It’s like the Kenobi show. Most Gen-Xers hate the prequels but they always usually say “but I liked Ewan McGregor as Kenobi”. Disney did not make the Kenobi show for Millennials. They made it for the aging Gen-X fan fan base who they are trying to squeeze every last drop of nostalgia from. Honestly the pandering started with The Force Awakens and has never left. The Rise of Skywalker doubled down on it and here we are.

The EU seems like a whole lotta pandering to me.

The dialogue in the OT is leaden but hardly the point.
 
Honestly I'm getting kinda sick of Star Wars. I wish Hollywood would stop expanding old IP's and make new ones. Instead it's just more of the same, Star Trek, Star Wars, Lord of the Rings, Marvel, DC, etc.
It's all become stale or repetitive.

Honestly, that;'s what got me into anime after resisting fr many years - just to have new stories and new chracters instea of this constant nostalgia-mining of Hollywood fit into these cookie-cutter plots
 
Honestly, that;'s what got me into anime after resisting fr many years - just to have new stories and new chracters instea of this constant nostalgia-mining of Hollywood fit into these cookie-cutter plots
That's funny I mostly avoided anime because I always got the impression that it was highly cookie-cutter when it came to plot.
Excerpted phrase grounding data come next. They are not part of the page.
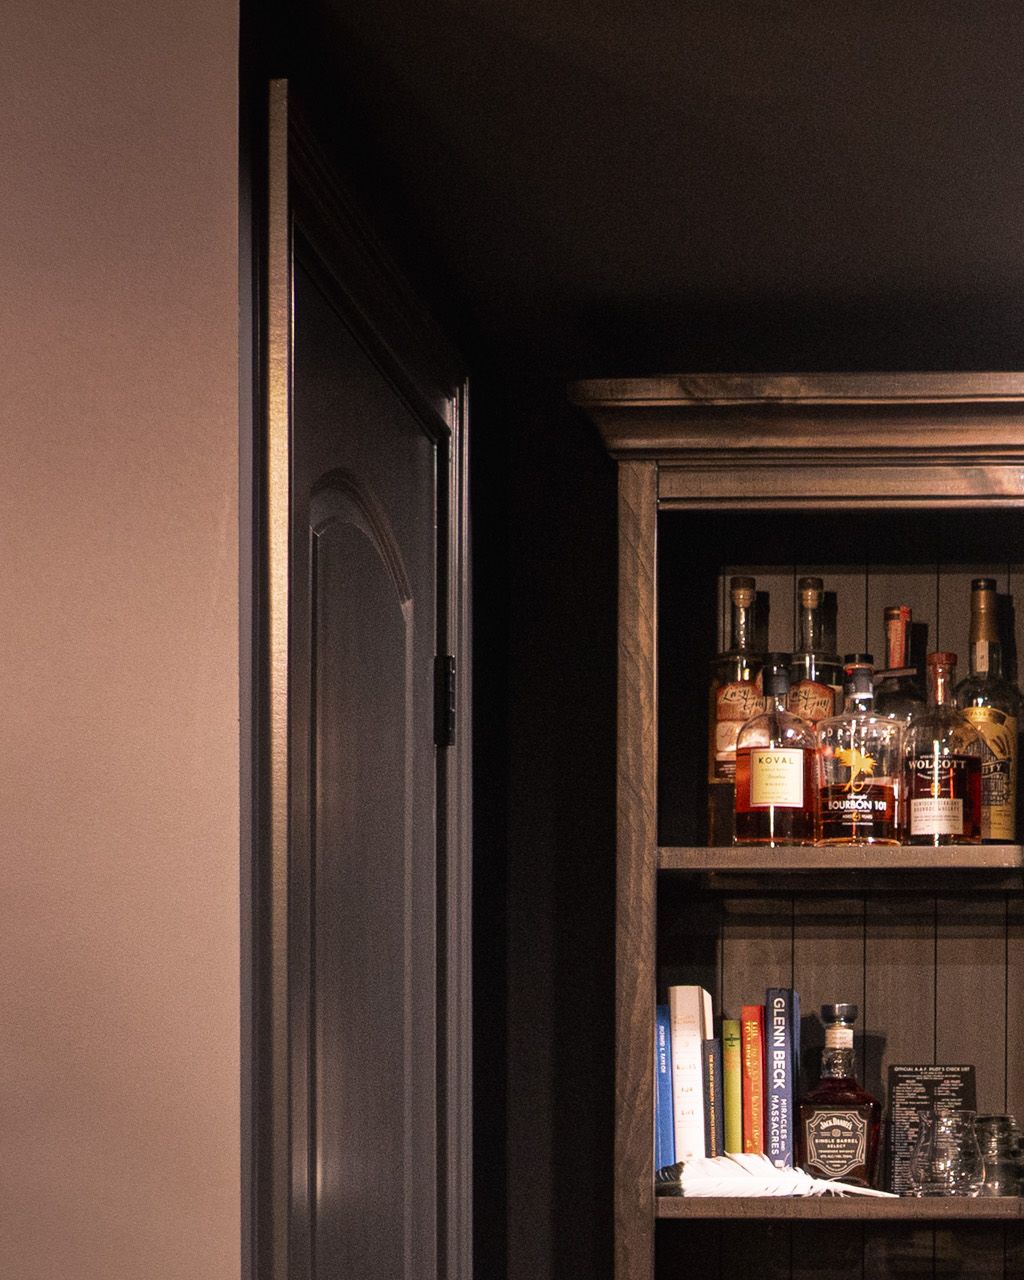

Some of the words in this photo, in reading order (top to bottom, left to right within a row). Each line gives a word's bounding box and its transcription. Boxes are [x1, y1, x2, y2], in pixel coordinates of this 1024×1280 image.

[758, 757, 794, 766] KOVAL
[908, 759, 966, 770] WOLCOTT
[828, 800, 872, 810] BOURBON
[874, 801, 887, 811] 101
[773, 998, 786, 1047] GLENN
[773, 1050, 786, 1089] BECK
[771, 1095, 780, 1155] MASSACRES
[780, 1098, 788, 1140] MIRACLES
What do you recommend?
 
That's funny I mostly avoided anime because I always got the impression that it was highly cookie-cutter when it came to plot. What do you recommend?
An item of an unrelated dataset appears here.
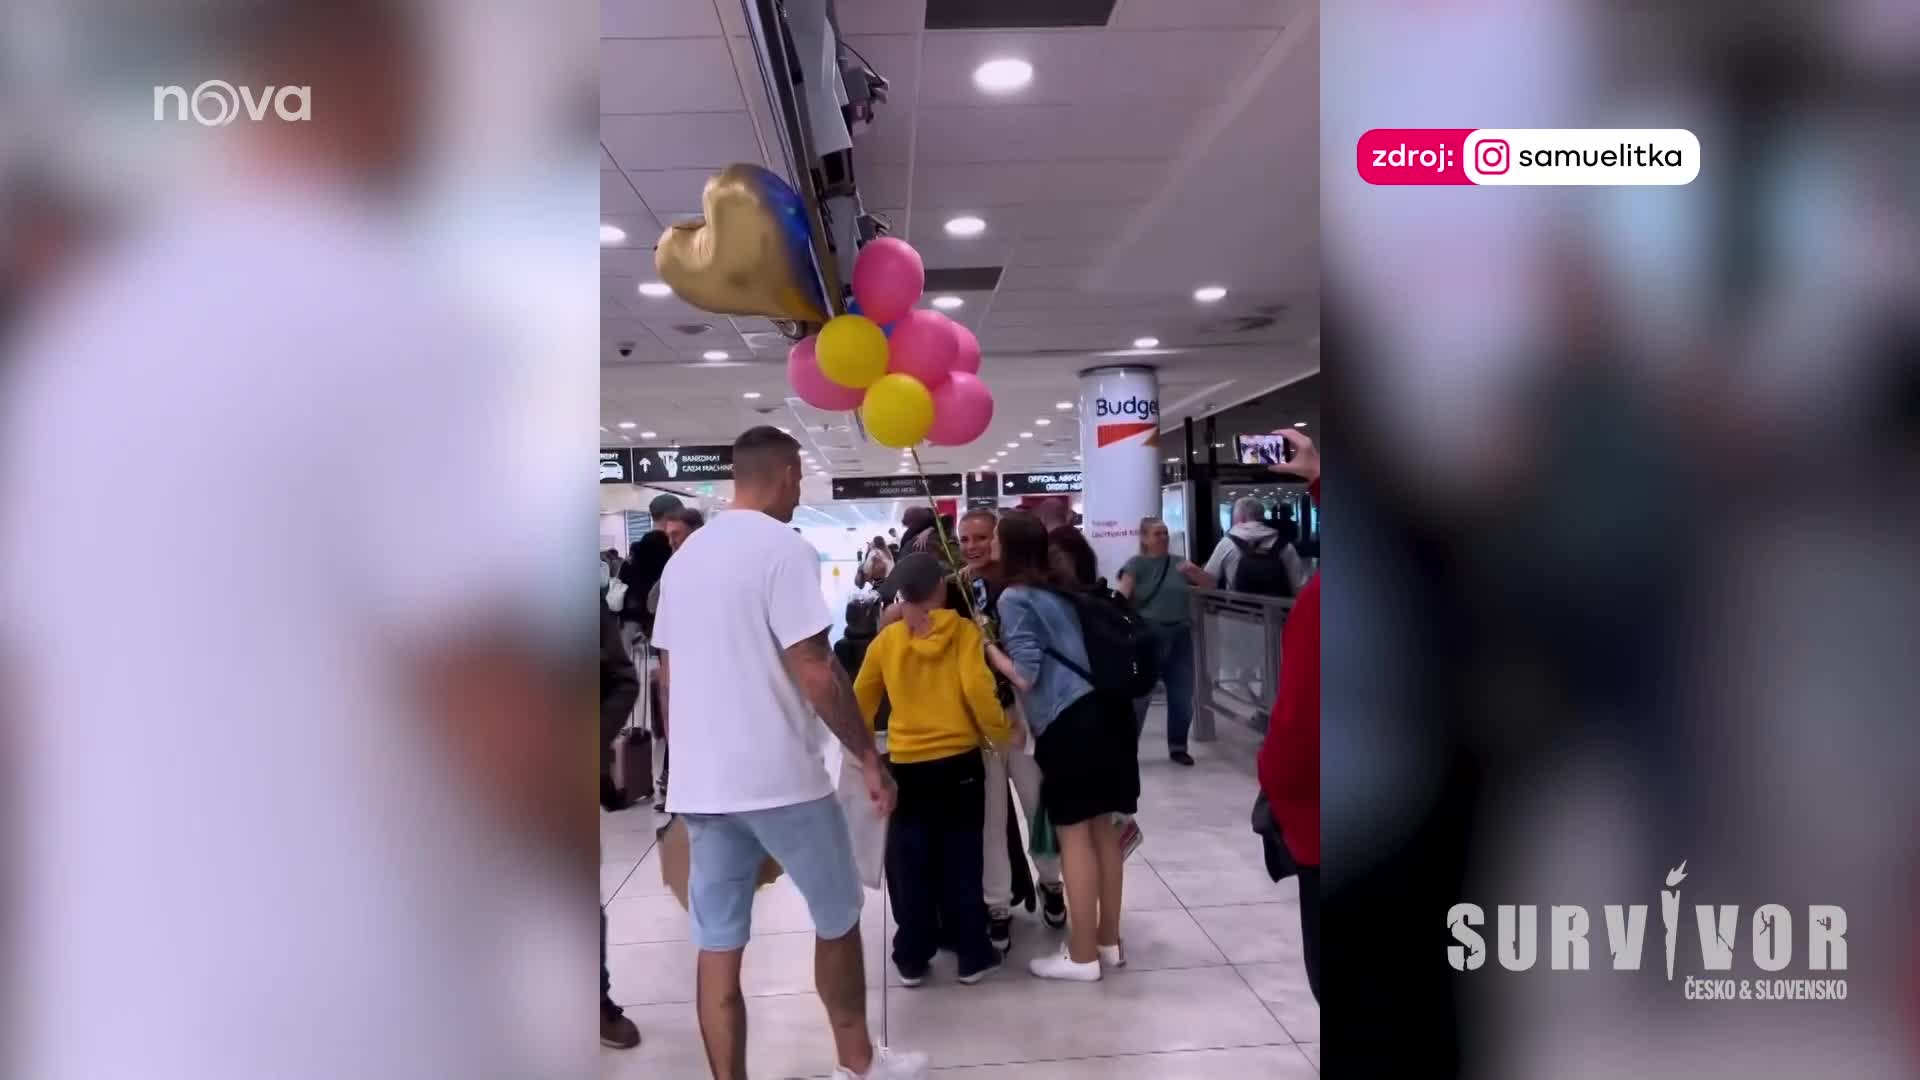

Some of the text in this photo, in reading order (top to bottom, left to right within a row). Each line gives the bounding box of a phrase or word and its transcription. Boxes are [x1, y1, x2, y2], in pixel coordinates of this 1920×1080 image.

[1096, 395, 1159, 420] Budge
[682, 464, 702, 472] CASH
[1028, 473, 1082, 483] OFFICIAL AIRPOR
[1046, 483, 1069, 491] ORDER
Sturgeon's law still applies to anime. There's a lot of formulaic material - harem tropes and suchlike, but there are also quite a few good ones. Some anime I liked includes:
  • Mamoru Hosoda: Wolf Children, The Girl Who Leapt Through Time, Summer Wars, Your Name.
  • Masamune Shirow: Ghost In the Shell. The first one is good, the sequels are a bit mid. There was also a TV spinoff called Ghost in the Shell: Stand Alone Complex that ran for a couple of seasons and was quite good, and some later CGI ones that are not so good. Featuring toilet-shaped robots called Tachikoma. Shirow also did another well known series called Appleseed, but I haven't seen that.
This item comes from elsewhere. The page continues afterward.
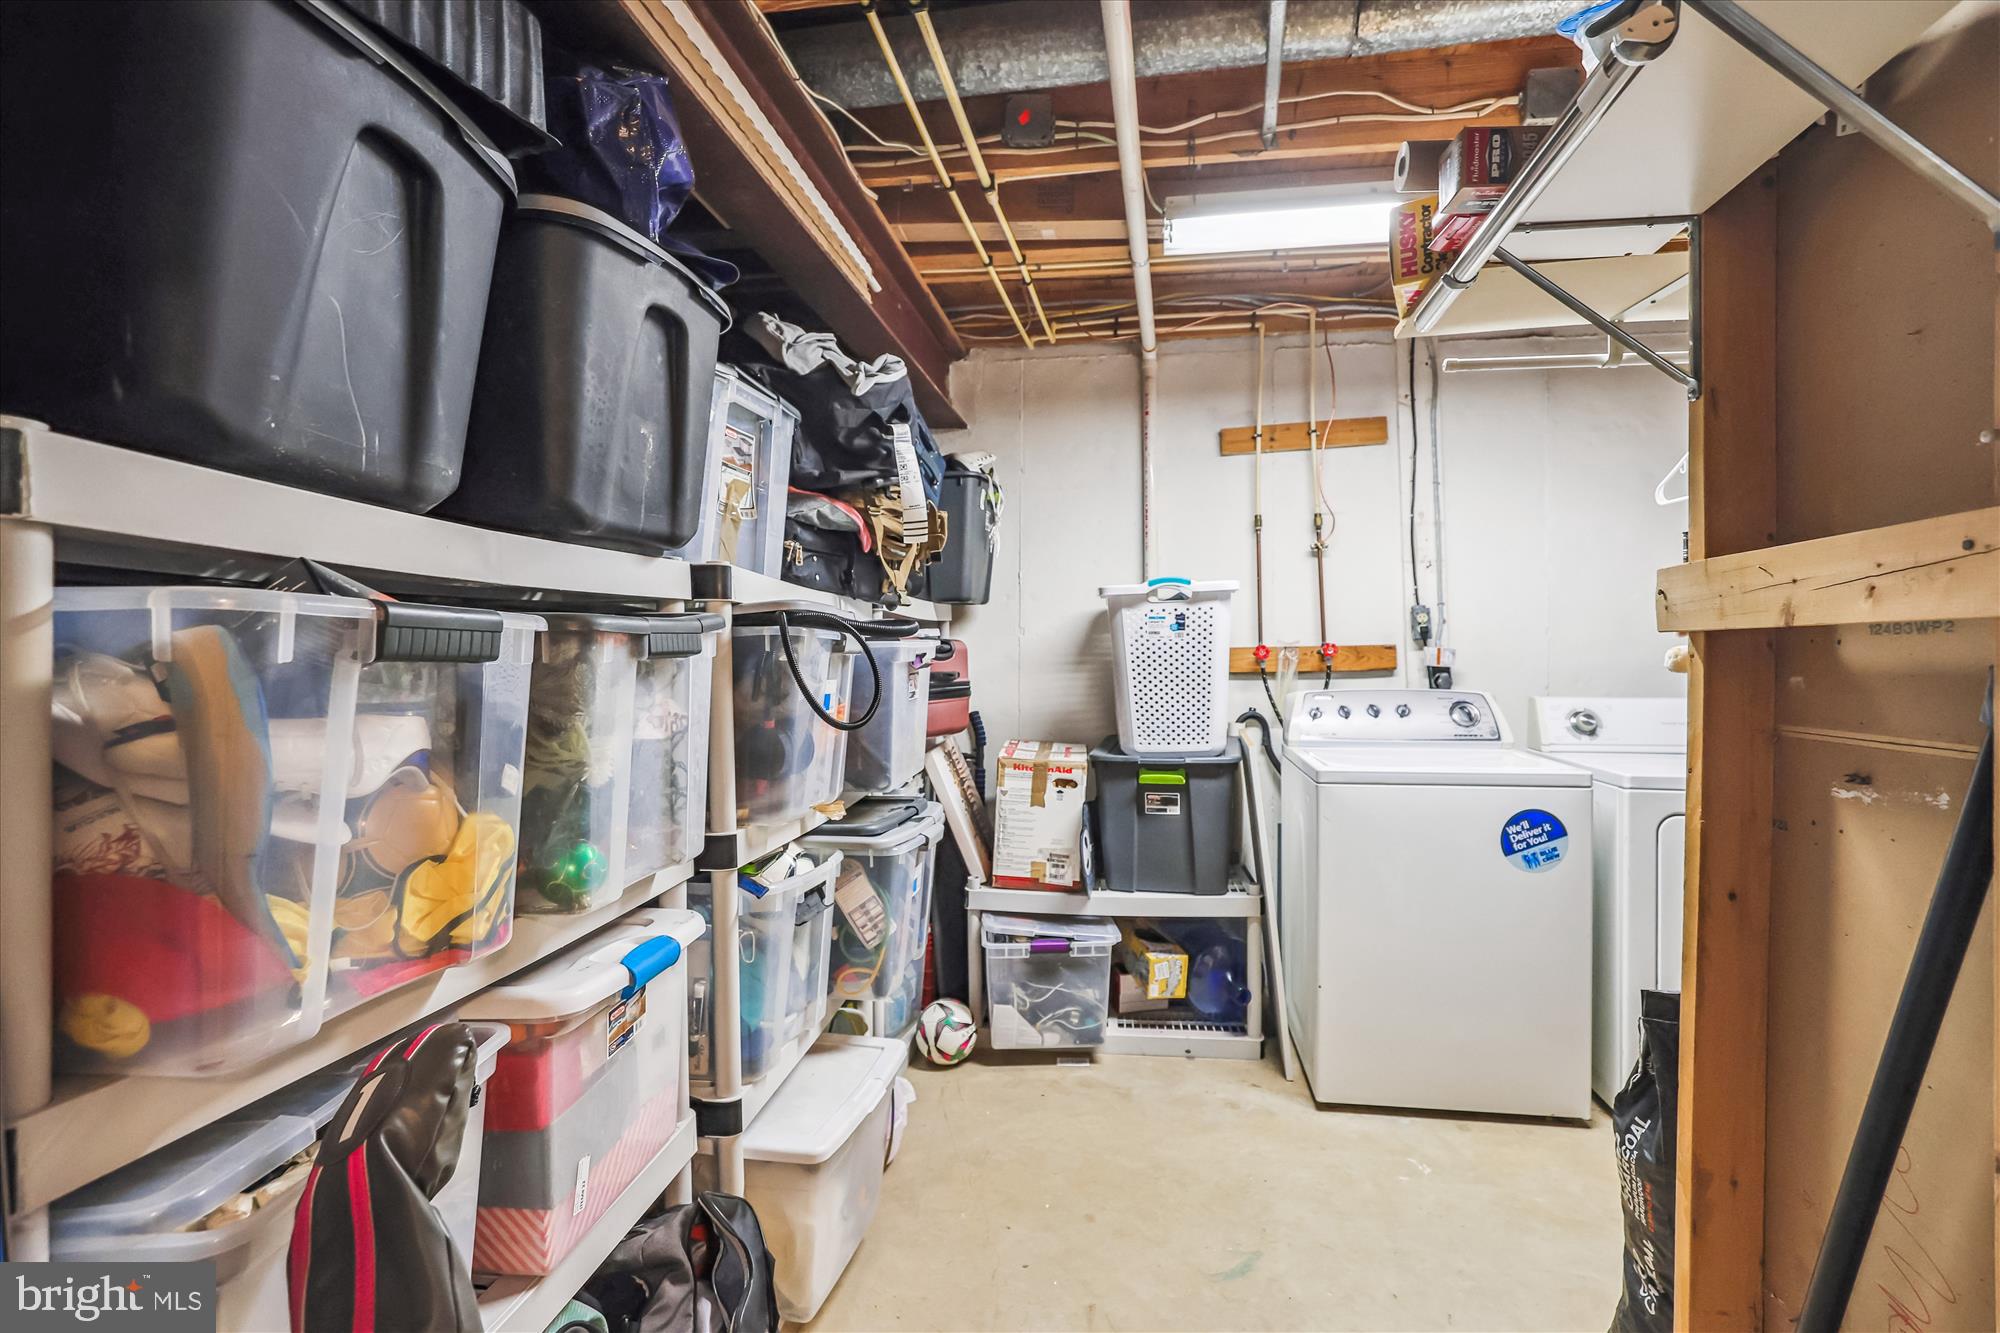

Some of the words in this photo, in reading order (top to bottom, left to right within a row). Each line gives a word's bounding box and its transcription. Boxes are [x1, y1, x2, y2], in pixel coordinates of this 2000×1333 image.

  • Studio Ghibli: Spirited Away, Totoro, Princess Mononoke etc. Check out Porco Rosso, Whisper of the Heart, Pom Poko and Only Yesterday for some lesser known gems. Better Disney than Disney.
  • Full Metal Alchemist and FMA: Brotherhood
  • Beastars: High school murder mystery with furries. Better than it sounds.
  • One Punch Man: Shonen manga gets The Tick treatment. Very funny.
  • Akira: Cyberpunk classic that's aged pretty well for something 35+ years old.
  • Neon Genesis Evangelion: This is actually a major rip on mecha anime but ran out of budget at the ending so it got a lot of notoriety. There are also several films that deal in alternate endings or story lines, although the only one of these I've seen is End of Evangelion.
  • Puella Magi Madoka Magica: Evangelion treatment of magical girls - dark and surreal, and very good.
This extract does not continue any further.